He doesn’t answer, just keeps walking as if he never posed the question. “Should’ve got a truck,” he says.
“Would have been useful. Mine’s in the shop. Something with the gasket I couldn’t fix.”

“Economy cars are cheaper, Dad. They get better mileage, less likely to break down.”

There’s a set of three heavy iron keys on a small stand next to the front door of my father’s house. These are the original keys. He made sure never to change the knobs, only the locks and bolts. The home was built in 1836, and he’s spent his whole life trying to keep it looking that way. The bathrooms have claw-footed tubs and basins on wooden stands with towels and soap. All along the walls and bedrooms, my father used to hang black-and-white photographs of his family, my mother’s family. But now, there are gaps on the walls, white outlines where pictures once hung. Over the last few years, my father has started taking the pictures down from the walls and off the dressers but only the ones that contain her side of the family. Each visit, I notice more pictures missing. As I look now, there’s not a single photograph of my mother.

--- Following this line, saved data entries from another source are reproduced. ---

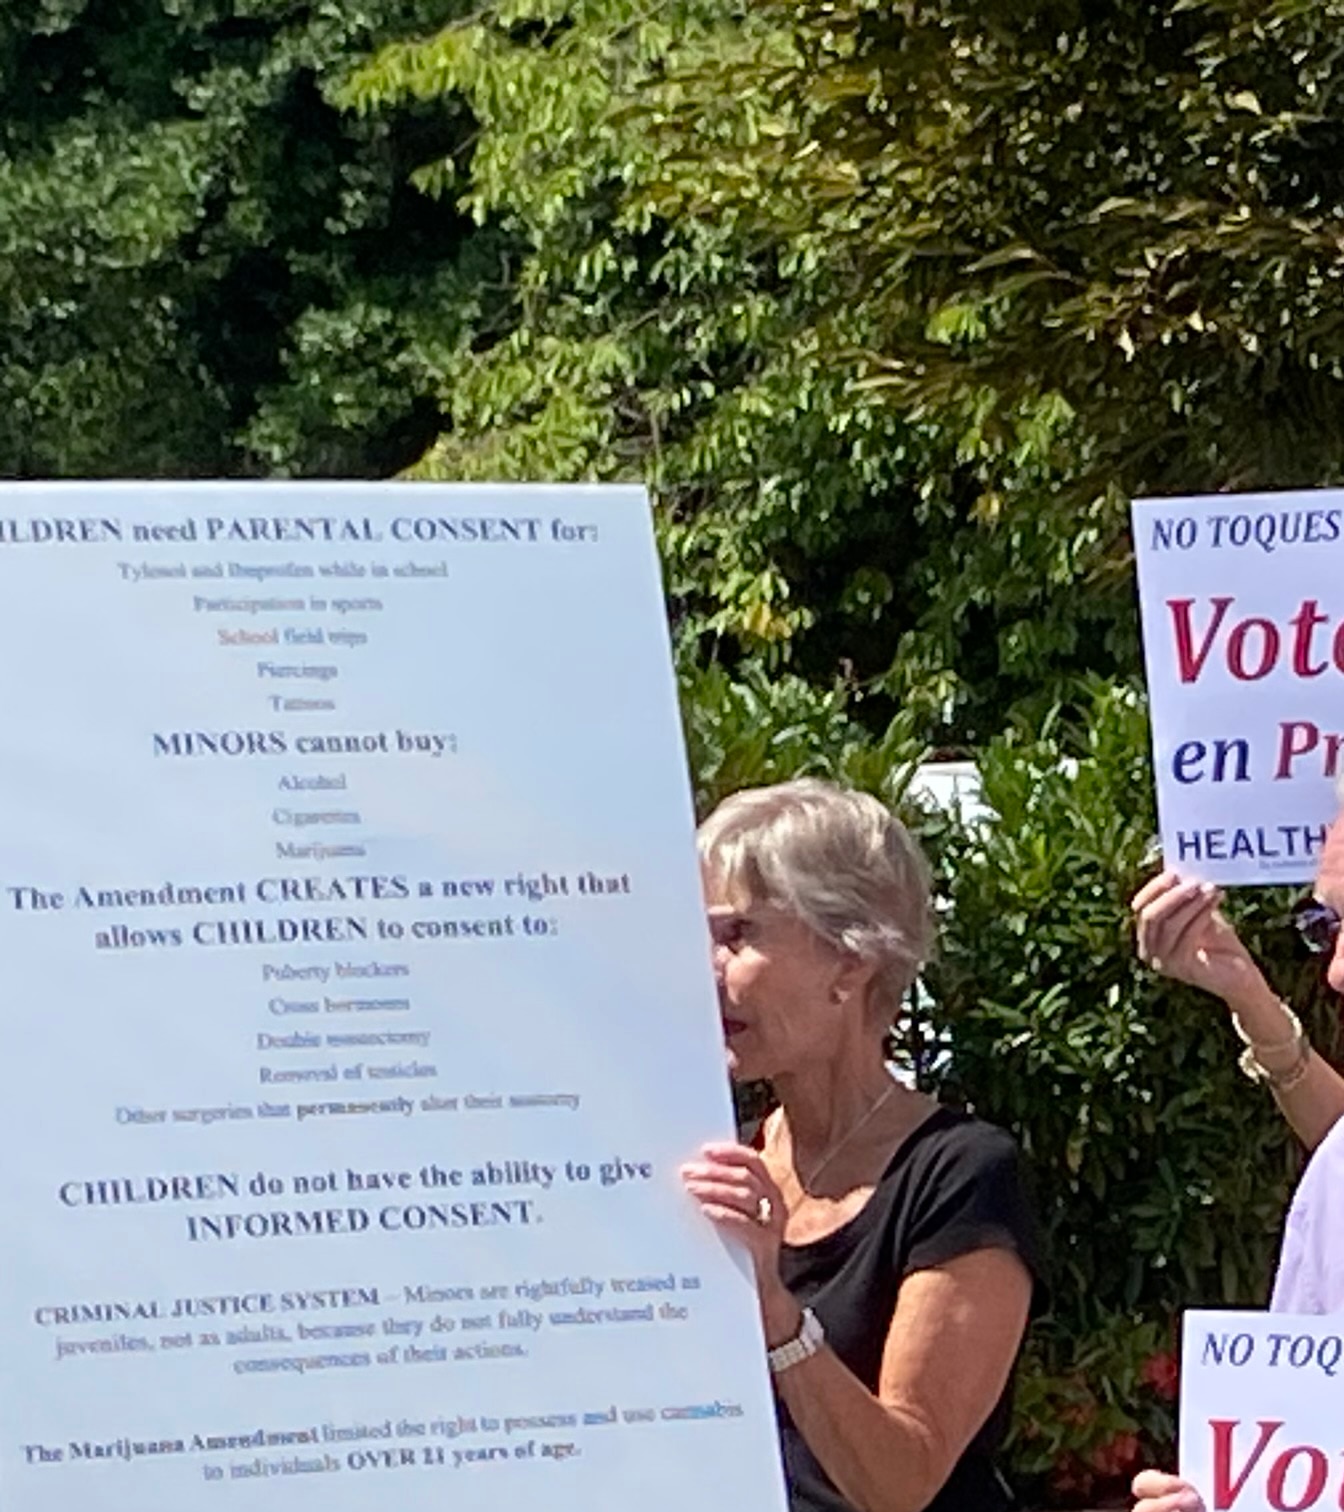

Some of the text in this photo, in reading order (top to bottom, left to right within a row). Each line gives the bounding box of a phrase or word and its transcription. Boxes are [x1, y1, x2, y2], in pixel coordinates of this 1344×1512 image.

[132, 517, 599, 543] need PARENTAL CONSENT for:
[1151, 517, 1198, 551] NO
[1207, 509, 1343, 553] TOQUES
[216, 627, 279, 646] School
[153, 729, 459, 758] MINORS cannot buy:
[1172, 737, 1251, 785] en
[7, 871, 632, 911] The Amendment CREATES a new right that
[95, 913, 559, 950] allows CHILDREN to consent to:
[59, 1156, 654, 1207] CHILDREN do not have the ability to give
[186, 1199, 545, 1242] INFORMED CONSENT.
[34, 1301, 168, 1328] CRIMINAL
[170, 1292, 277, 1319] JUSTICE
[280, 1287, 382, 1312] SYSTEM
[1201, 1331, 1255, 1367] NO
[24, 1443, 64, 1465] The
[68, 1435, 186, 1461] Marijuana
[190, 1426, 320, 1452] Amendment
[347, 1446, 415, 1470] OVER
[452, 1443, 510, 1468] years
[514, 1440, 536, 1459] of
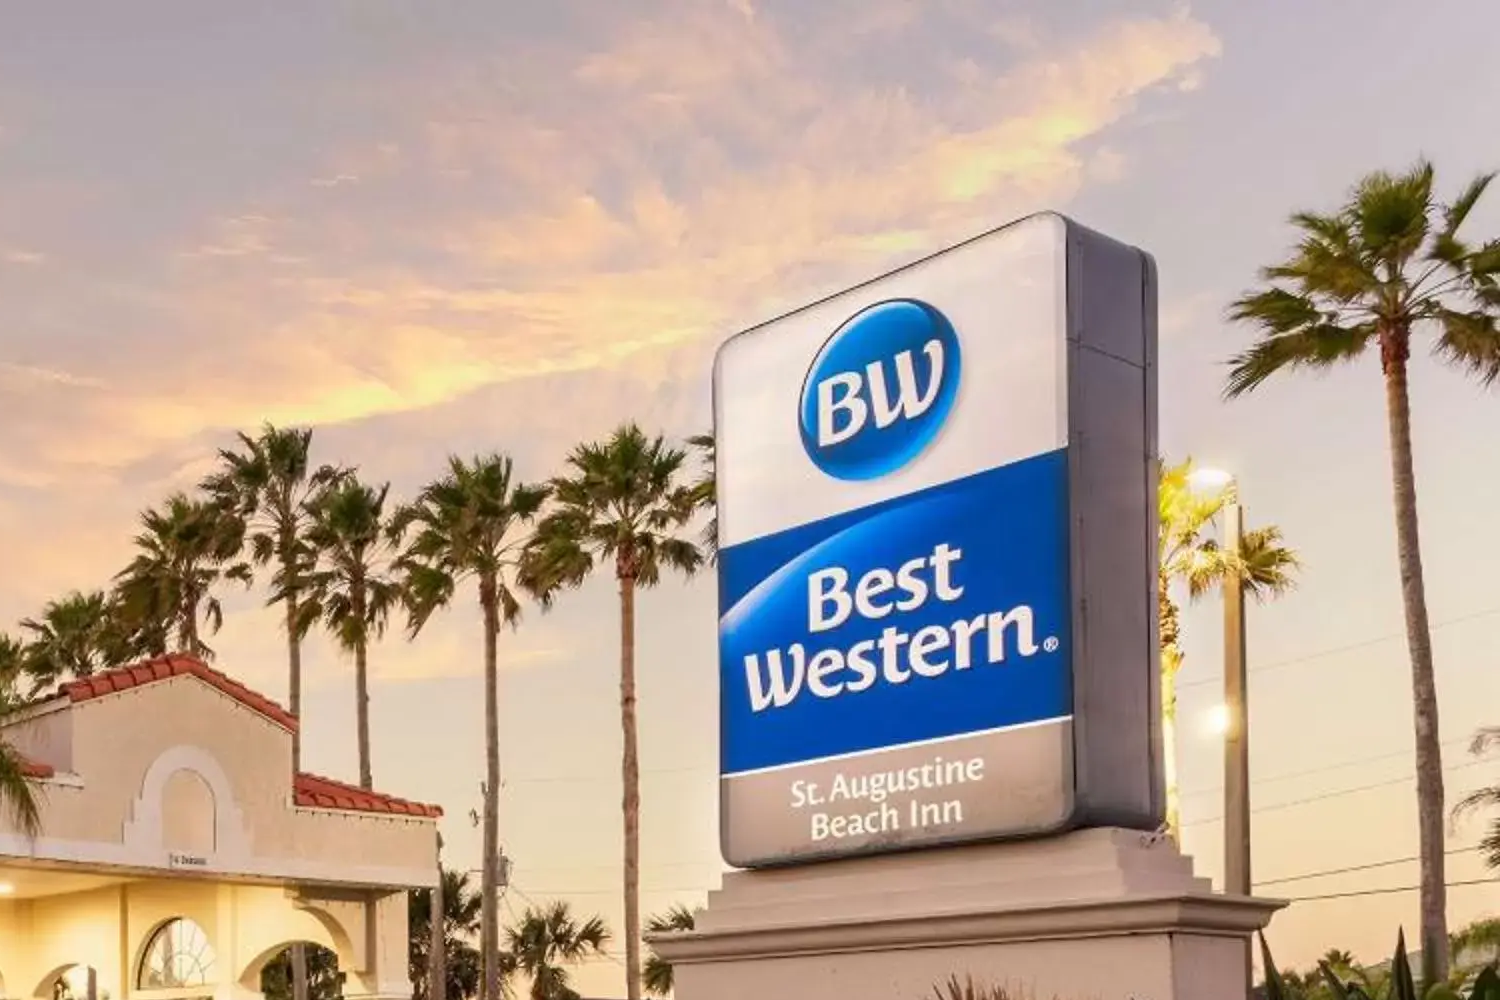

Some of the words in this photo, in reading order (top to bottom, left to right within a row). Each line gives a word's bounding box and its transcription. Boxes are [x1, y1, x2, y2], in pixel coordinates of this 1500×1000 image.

[815, 338, 945, 448] BW
[807, 542, 964, 633] Best
[789, 780, 825, 808] St.
[829, 756, 985, 802] Augustine
[810, 802, 900, 841] Beach
[910, 799, 963, 828] Inn
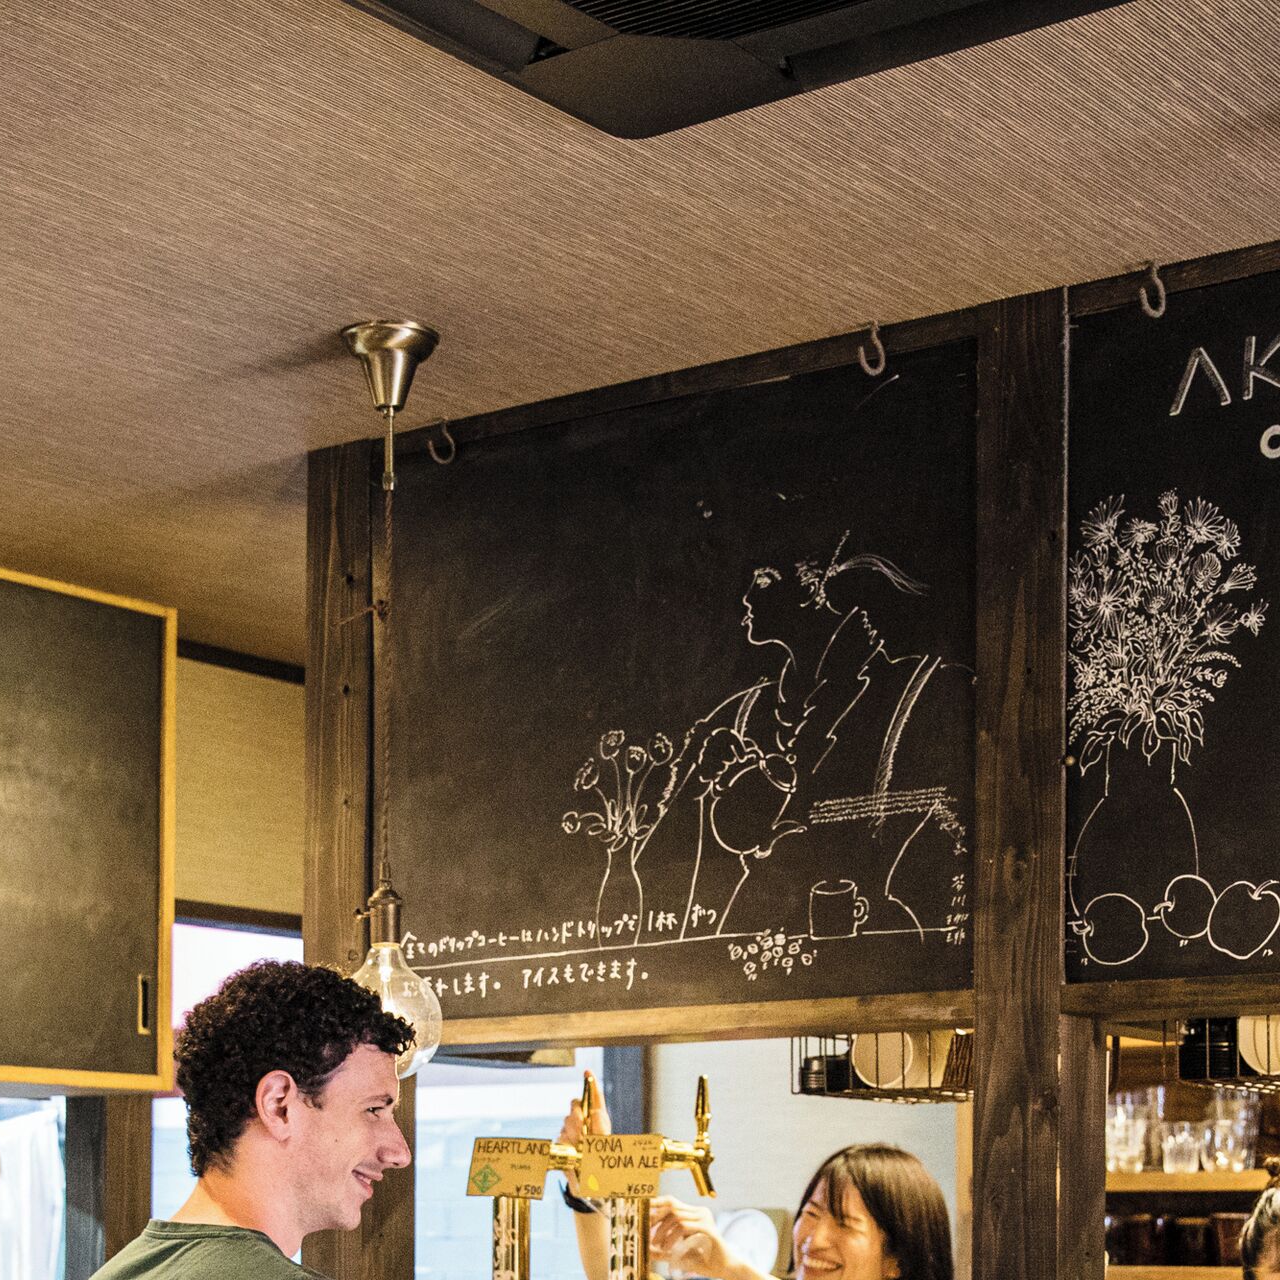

My father notices me staring at the bare walls and grabs my suitcase from the floor. “Dad,” I say, but he ignores me and goes up the staircase, teetering with the heavy load.

Even I, shorter than my father, have to duck going up the stairs. This house is so old that the ceiling at the bottom of the staircase comes down very low. Inside my old room, I see that he’s heaved my bags onto the bed and gone into the bathroom. The door’s ajar, and I look inside. He’s hunched over with his hands on his knees. He hacks from the back of his throat and spits in the toilet. I turn away and open my suitcase and go through it like I think I’ve lost something important.

My father comes out of the bathroom. “Get some dinner in an hour,” he says.

“Sure thing,” I say, staying focused on the things I’ve spread all over the mattress. I hear him on the stairs, his feet shuffling a one-two on each step. He makes sure both feet rest on a single stair before going down to the next. He never used to walk this way. I go to the bathroom to wash my face in the basin. I fill it with warm water from the sink, and as I turn to set it back on the stand, I see that my father forgot to flush the toilet. I push the handle down and watch some of his blood swirl, turning pink as it dilutes in the water, until it’s fully sucked under.

When I get to the kitchen, my father’s bracing himself with both hands on the table. He stands erect when I enter. He points to the chair across from him. His plate is already full of food, mashed potatoes in a spiral hump and so many ham slices that they hang off the sides. My plate is empty, and just as I move toward it, my father swipes it from the table and heads to the stove.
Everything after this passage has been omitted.